Orange County’s first community choice energy program—the Orange County Power Authority—said their recently reported $3 million operating loss is within the normal range for similar energy programs.

The Orange County Power Authority was officially launched in late 2020 in an effort to provide greener power to residents and businesses throughout the county. The agency, as a new purchaser and seller of electricity, is directly taking customers from Southern California Edison though the agency is still transporting the electricity through Edison’s power lines.

Four Orange County cities have opted to join the power authority so far—Irvine, Huntington Beach, Fullerton, and Buena Park—with Irvine taxpayers fronting the millions of dollars in startup costs.

The power authority’s end-of-quarter financial report released on May 3 showed an operating loss of $3,020,301 from July 1, 2021, through March 31, 2022, which occurred before the official launch of its electrical services in April for commercial customers.

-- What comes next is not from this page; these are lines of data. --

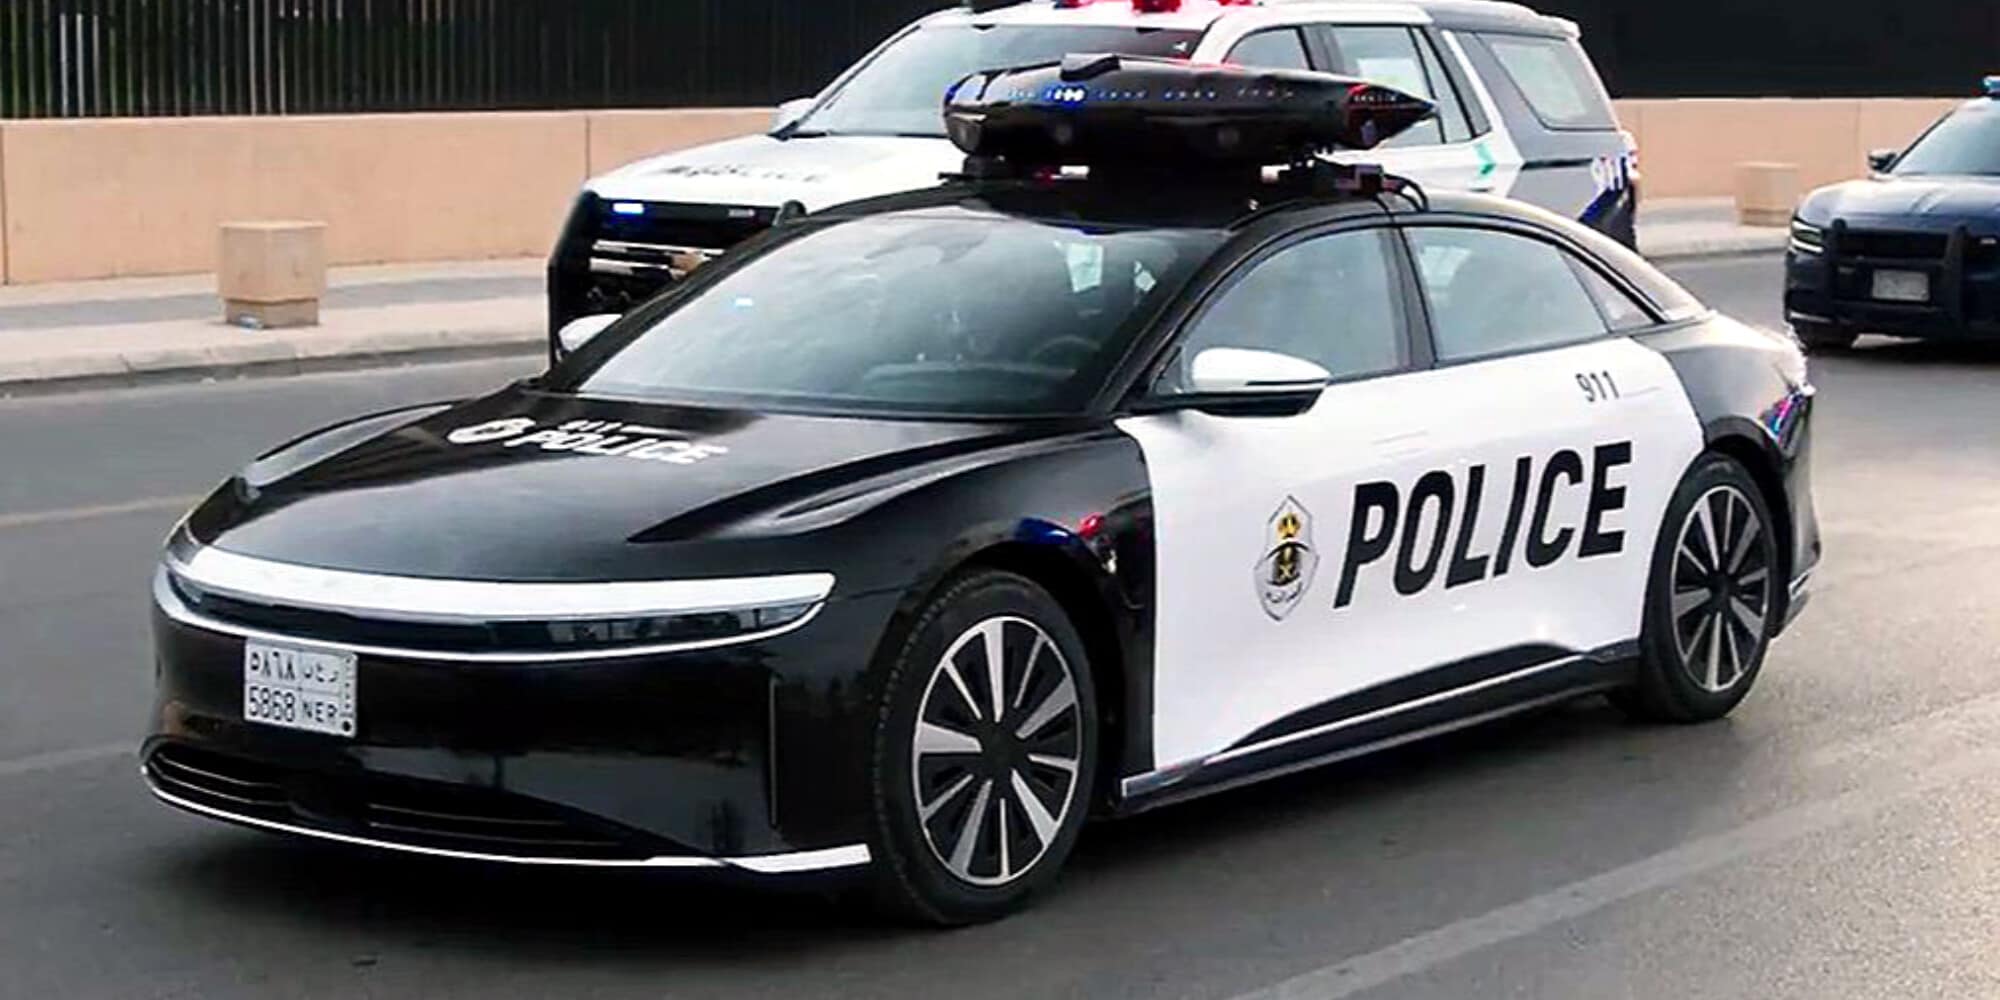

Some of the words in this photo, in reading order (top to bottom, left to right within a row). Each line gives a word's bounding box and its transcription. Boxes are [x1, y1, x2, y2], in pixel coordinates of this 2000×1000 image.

[1575, 370, 1620, 402] 911
[503, 429, 730, 465] POLICE
[1333, 440, 1633, 609] POLICE
[249, 686, 296, 722] 5868
[302, 701, 339, 725] NER

As some have been questioning the agency’s financial feasibility since its inception, the power authority said it is typical for community choice energy agencies to experience a deficit in the beginning as it takes time for revenue to come in later when they start pumping electricity into homes and businesses.

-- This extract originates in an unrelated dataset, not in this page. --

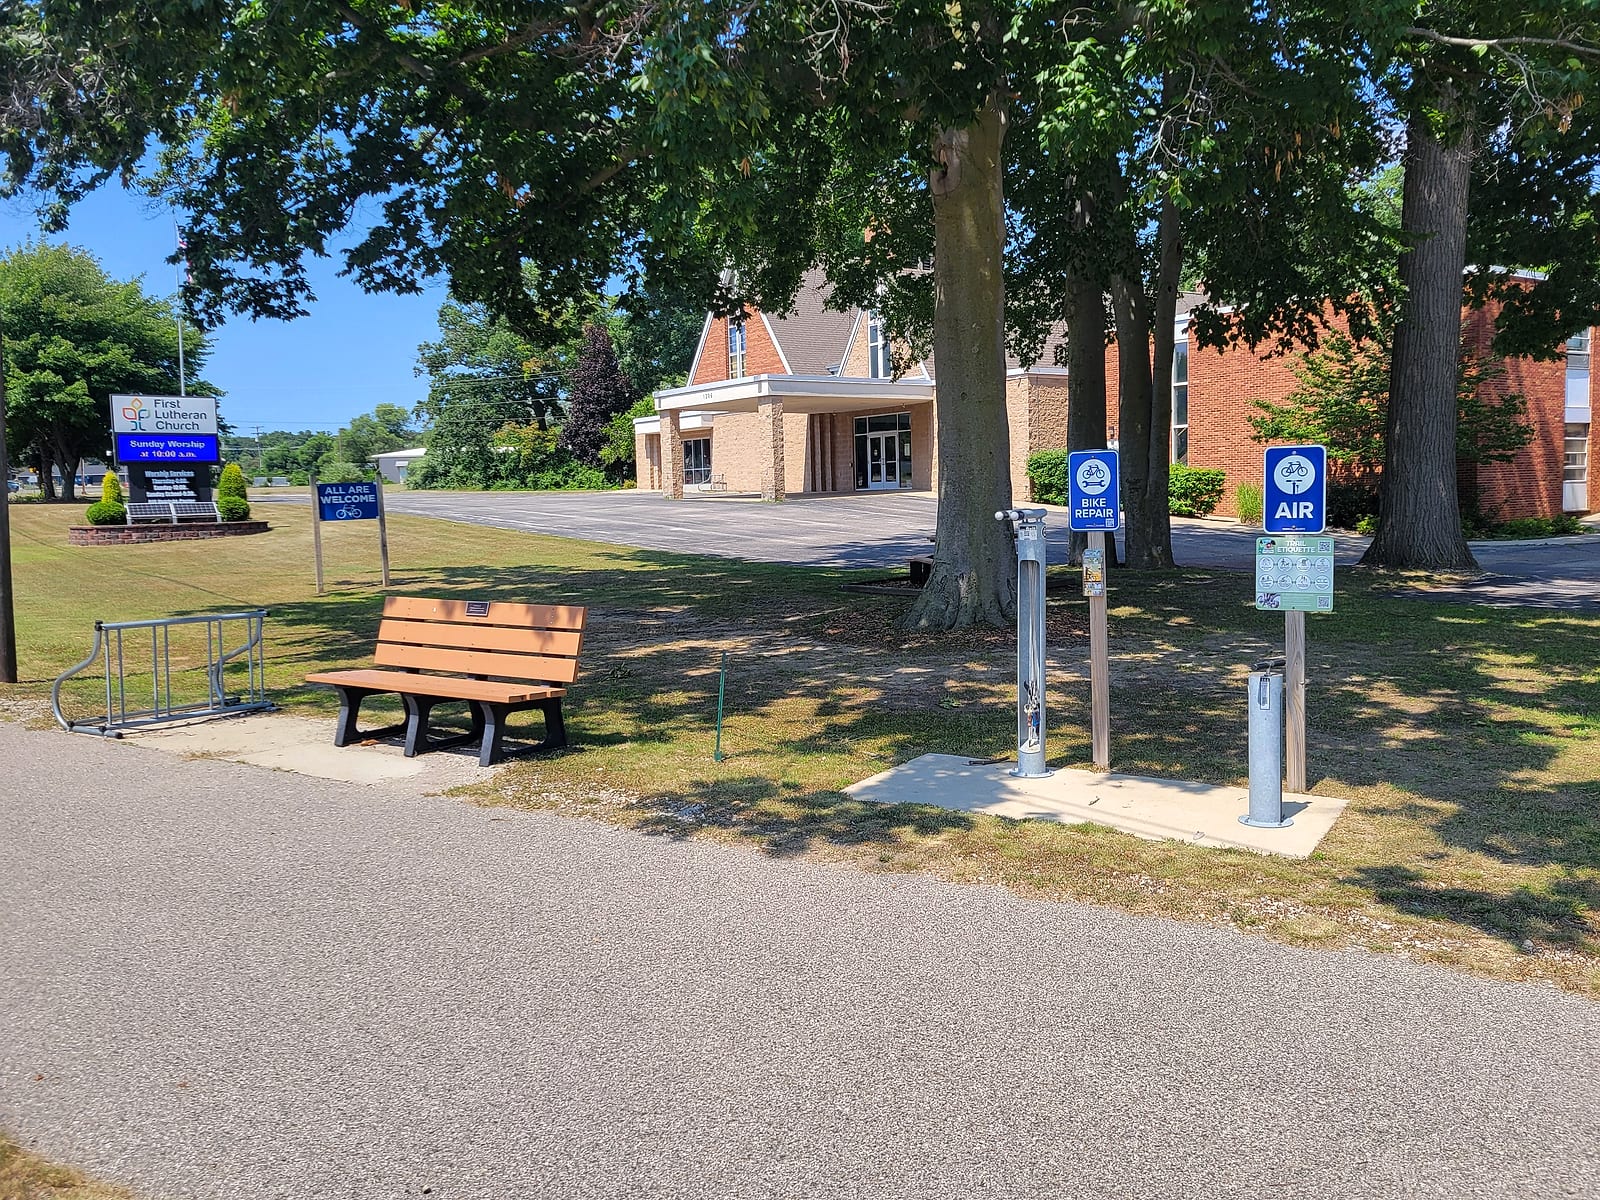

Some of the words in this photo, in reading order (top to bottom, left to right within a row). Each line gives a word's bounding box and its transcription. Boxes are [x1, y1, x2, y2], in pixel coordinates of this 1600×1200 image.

“Every Community Choice Aggregator (CCA) has reported net losses for periods prior to the start of their operations,” a spokesperson for the Orange County Power Authority told The Epoch Times in an email. “It generally takes some period of time after the start of operations to report gains.”

According to documents obtained from the Orange County Power Authority, Monterey Bay Community Power had a $305,000 net loss from October 2017 to March 2018, Silicon Valley Clean Energy had a $2,641,900 net loss from October 2016 to April 2017, and San Diego Community Power had a $10,129,580 loss from July 2020 to March 2021.

So far, items of pre-launch operation have included payments that go toward California’s Resource Adequacy program, a policy framework adopted by the state Public Utilities Commission to help ensure the reliability of electric service in the state.

The resource adequacy program pays electricity generators, or power plants, to ensure that they always have adequate capacity in case of a period of peak usage or an emergency shortage. In essence, the power plants are paid to not operate to the fullest extent so that the remaining capacity will be able to serve situations like peak usage in a hot summer, evening peak hours, and broken power grids.

Other major costs came from areas including staffing, administration, professional technical consultancy, power procurement transactional support, legal support, regulatory-related services, and communications and outreach—which includes required notification mailing, according to the agency.

A monthly revenue projection is not yet available from the agency, which is launching electrical services for residential customers in October.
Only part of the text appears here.